**** Material supplied

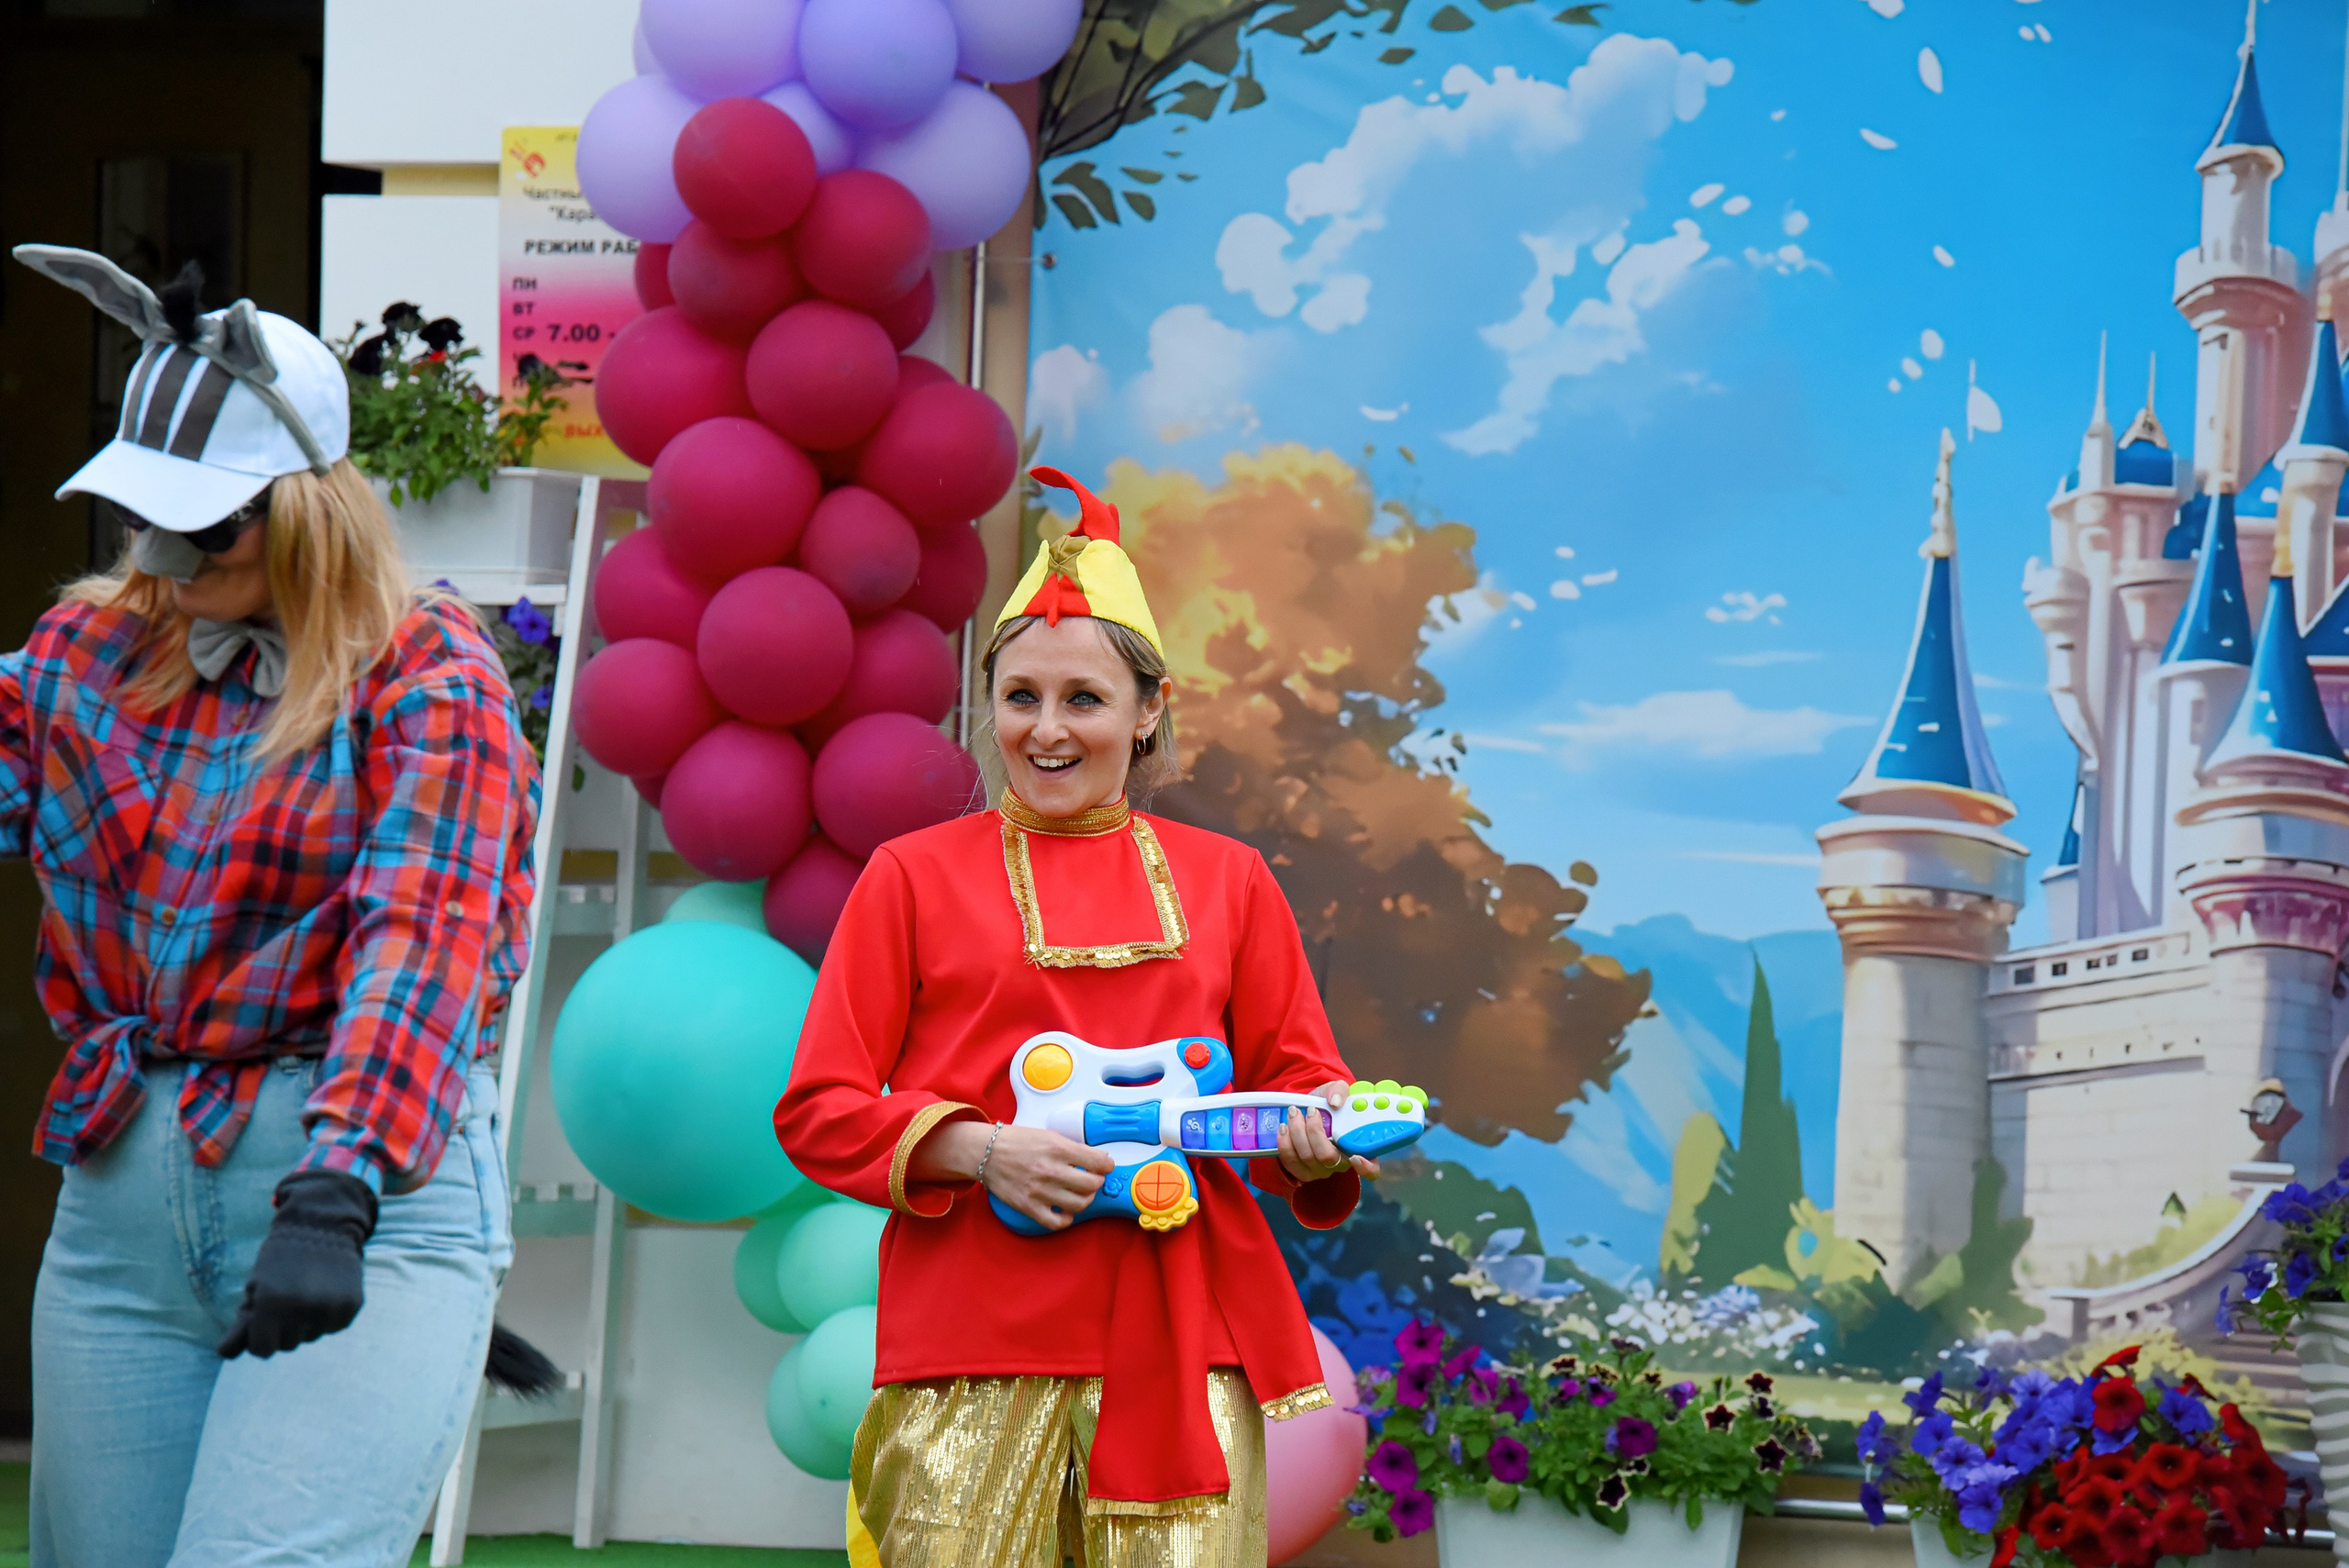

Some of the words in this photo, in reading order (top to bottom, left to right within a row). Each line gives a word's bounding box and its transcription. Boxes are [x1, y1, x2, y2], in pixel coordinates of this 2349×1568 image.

[524, 239, 596, 254] РЕЖИМ
[512, 277, 537, 290] ПН
[512, 302, 534, 315] ВТ
[512, 326, 535, 339] СР
[548, 324, 600, 341] 7.00

********

Nothing but the pictures should be left out when the records are retyped exactly.

Some of the words in this photo, in reading order (top to bottom, left to right within a row). Each line gives a word's bounding box and its transcription. Boxes are [x1, y1, x2, y2], in pixel coordinates of this 2349×1568 image.

[524, 239, 596, 254] РЕЖИМ
[512, 277, 537, 290] ПН
[512, 302, 534, 315] ВТ
[512, 326, 535, 339] СР
[548, 324, 600, 341] 7.00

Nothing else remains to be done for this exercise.